Des nouvelles de nos start-ups

En 2017, McGill dans la ville vous a présenté plusieurs textes portant sur des start-ups qui ont vu le jour à l’Université. Comme vous avez été nombreux à vous y intéresser, nous avons décidé d’entreprendre l’année en vous donnant des nouvelles de deux d’entre elles, Carbicrete et ORA : deux  entreprises à l’avenir prometteur.

Carbicrete

Lancée en juillet 2016, Carbicrete est une start-up fondée par des diplômés de l’Université McGill : Mehrdad Mahoutian, Chris Stern, Yuri Mytko et Mario Venditti.

Grâce à une technique mise au point par M. Mahoutian pendant ses études à McGill, Carbicrete fabrique du béton sans ciment, une matière qui génère des quantités importantes de gaz à effet de serre (GES). Lors de la fabrication du béton, Carbicrete injecte du CO2 provenant d’industries qui émettent de grandes quantités de ce GES, ce qui rend le produit très résistant.

Depuis l’an dernier, Carbicrete fait équipe avec CO2 Solutions, une entreprise québécoise spécialisée dans la capture du CO2. Grâce à ce partenariat, le CO2 utilisé dans le béton Carbicrete provient désormais des installations de Parachem, un fabricant d’hydrocarbures de l’est de Montréal, dont les produits sont notamment utilisés dans la fabrication du polyester.

« La prochaine étape est de trouver un partenaire qui fabriquera notre béton; on se concentre vraiment là-dessus », dit Chris Stern.

Carbicrete et CO2 solutions figurent également parmi les 23 demi-finalistes du concours NRG COSIA Carbon X, une initiative qui vise à encourager la mise au point de techniques permettant de convertir le CO2 en produit sécuritaire pour l’environnement. En février, les partenaires sauront s’ils se sont qualifiés pour la finale de ce prestigieux concours international.

ORA

ORA, la start-up au son prometteur, a elle aussi suscité beaucoup d’enthousiasme depuis qu’elle vous a été présentée par McGill dans la ville en février 2017. Au cours de la dernière année, cette petite entreprise, qui a développé une technologie d’écouteurs à base de graphène, a réussi à récolter environ 860 000 dollars dans le cadre d’une campagne de sociofinancement.

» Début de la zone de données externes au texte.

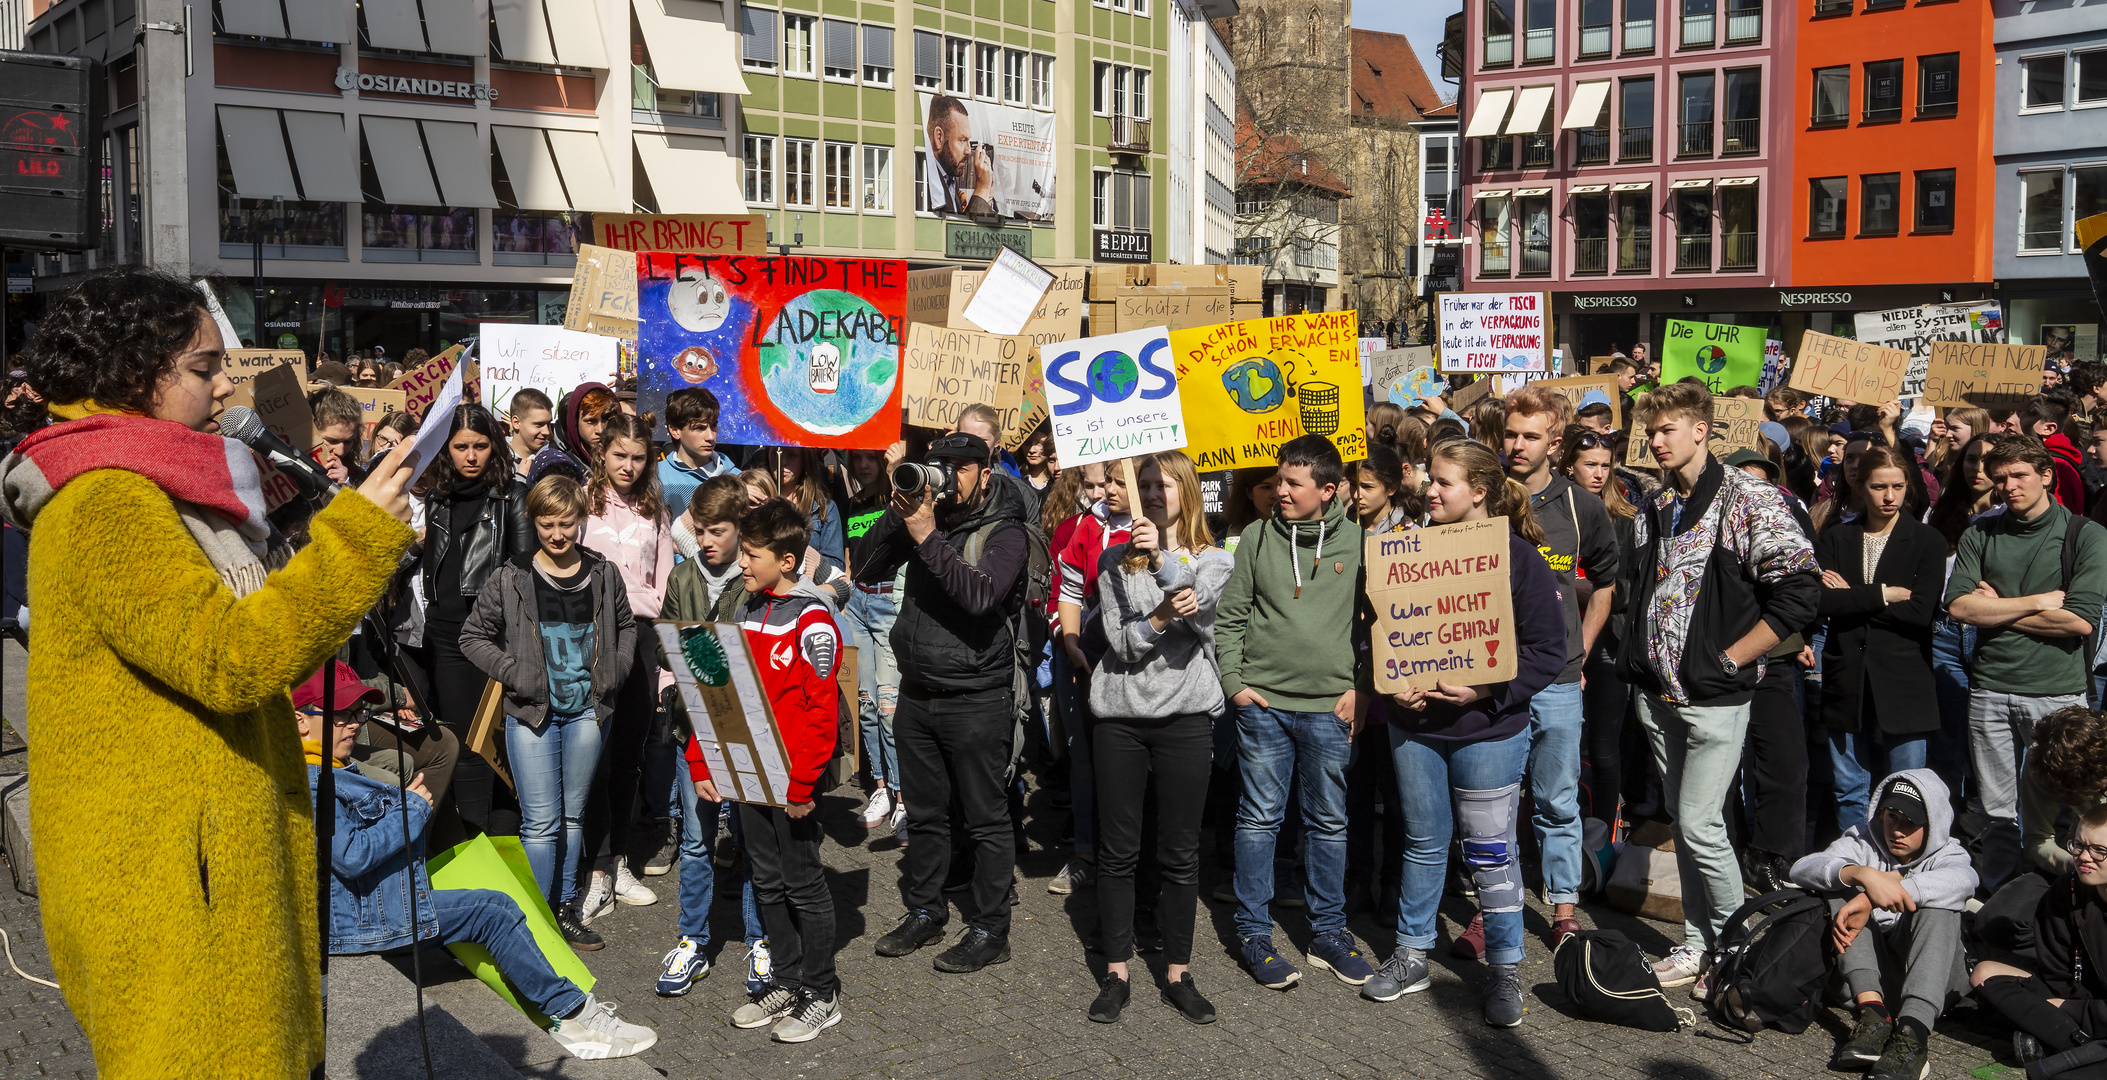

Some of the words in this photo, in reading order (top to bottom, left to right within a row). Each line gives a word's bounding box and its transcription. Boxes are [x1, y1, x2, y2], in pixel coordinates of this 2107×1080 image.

[998, 134, 1052, 153] EXPERTENTAG
[19, 159, 60, 175] LILO
[604, 219, 652, 252] IHR
[954, 229, 1026, 247] SCHLOSSBERG
[1111, 233, 1148, 252] EPPLI
[1110, 252, 1133, 260] SCHÄTZEN
[1133, 252, 1149, 260] WERTE
[646, 254, 748, 287] LET'S
[835, 260, 898, 293] THE
[1205, 297, 1226, 316] die
[1443, 297, 1469, 312] Früher
[1471, 301, 1484, 311] war
[1488, 296, 1503, 311] der
[1509, 295, 1536, 311] FISCH
[1573, 295, 1638, 310] NESPRESSO
[1779, 291, 1852, 307] NESPRESSO
[1054, 301, 1070, 319] for
[1881, 308, 1924, 322] NIEDER
[1935, 306, 1950, 316] mit
[1953, 306, 1971, 315] dem
[751, 306, 906, 348] LADEKABEL
[1445, 319, 1454, 331] in
[1460, 317, 1474, 330] der
[1480, 314, 1540, 330] VERPACKUNG
[1885, 323, 1907, 333] alten
[1914, 314, 1967, 329] SYSTEM
[1930, 326, 1947, 334] eine
[1189, 322, 1248, 364] DACHTE
[1269, 317, 1296, 335] IHR
[1442, 335, 1462, 349] heute
[1464, 336, 1474, 348] ist
[1475, 335, 1487, 348] die
[1490, 333, 1541, 350] VERPACKUNG
[1670, 321, 1694, 339] Die
[1705, 324, 1740, 344] UHR
[498, 338, 528, 358] Wir
[541, 340, 590, 361] sitzen
[931, 331, 987, 355] WANT
[994, 337, 1016, 360] TO
[1211, 335, 1258, 368] SCHON
[1366, 341, 1378, 353] NO
[1805, 332, 1853, 360] THERE
[1854, 345, 1871, 363] IS
[1878, 350, 1903, 371] NO
[239, 353, 276, 367] want
[811, 354, 838, 368] LOW
[909, 348, 948, 372] SURF
[951, 355, 965, 375] IN
[971, 359, 1021, 385] WATER
[1407, 360, 1416, 372] B
[1447, 355, 1460, 368] im
[1466, 352, 1497, 369] FISCH
[1931, 342, 1997, 367] MARCH
[2004, 346, 2046, 372] NOW
[394, 356, 453, 397] ARCH
[487, 361, 520, 381] nach
[1046, 338, 1177, 416] SOS
[1973, 369, 1988, 379] OR
[936, 376, 973, 396] NOT
[979, 383, 995, 404] IN
[1925, 376, 1974, 404] SWIM
[383, 402, 394, 413] is
[1055, 422, 1073, 437] Es
[1086, 416, 1105, 432] ist
[1116, 412, 1169, 428] unsere
[1201, 480, 1221, 492] PARK
[1202, 491, 1219, 502] WAY
[1203, 501, 1224, 513] RIVE
[1380, 533, 1422, 557] mit
[1387, 553, 1500, 585] ABSCHALTEN
[1437, 592, 1492, 615] NICHT
[1388, 631, 1433, 648] euer
[1438, 617, 1500, 645] GEHIRN

« On a vraiment pris notre essor grâce à cette campagne, l’une des 10 campagnes de sociofinancement ayant connu le plus grand succès au Canada », lance fièrement Robert Eric Gaskell, l’un des cofondateurs d’ORA.

Cet engouement s’explique par le fait que le GrapheneQ, un mélange à base d’oxyde de graphène utilisé dans la fabrication de ces écouteurs, crée une qualité de son exceptionnelle. Par conséquent, de nombreuses entreprises privées s’intéressent elles aussi à cette technologie mise au point à l’Université McGill.

ORA croît désormais sur trois fronts : la fabrication d’écouteurs, la mise au point de composantes pour d’autres fabricants d’écouteurs et la création de haut-parleurs à base de graphène pour les cellulaires et les tablettes.

« Les trois fabricants de cellulaires les plus importants de la planète ont communiqué avec nous afin d’intégrer notre technologie à leurs téléphones. L’un d’eux songe sérieusement à aller de l’avant pour ses modèles de 2019 », précise M. Gaskell.

Afin de poursuivre sur sa lancée, ORA est à la recherche d’investisseurs providentiels et de cadres qui possèdent de l’expérience dans le milieu des affaires et qui sauront piloter sa croissance et l’aider à déployer la pleine mesure de son potentiel.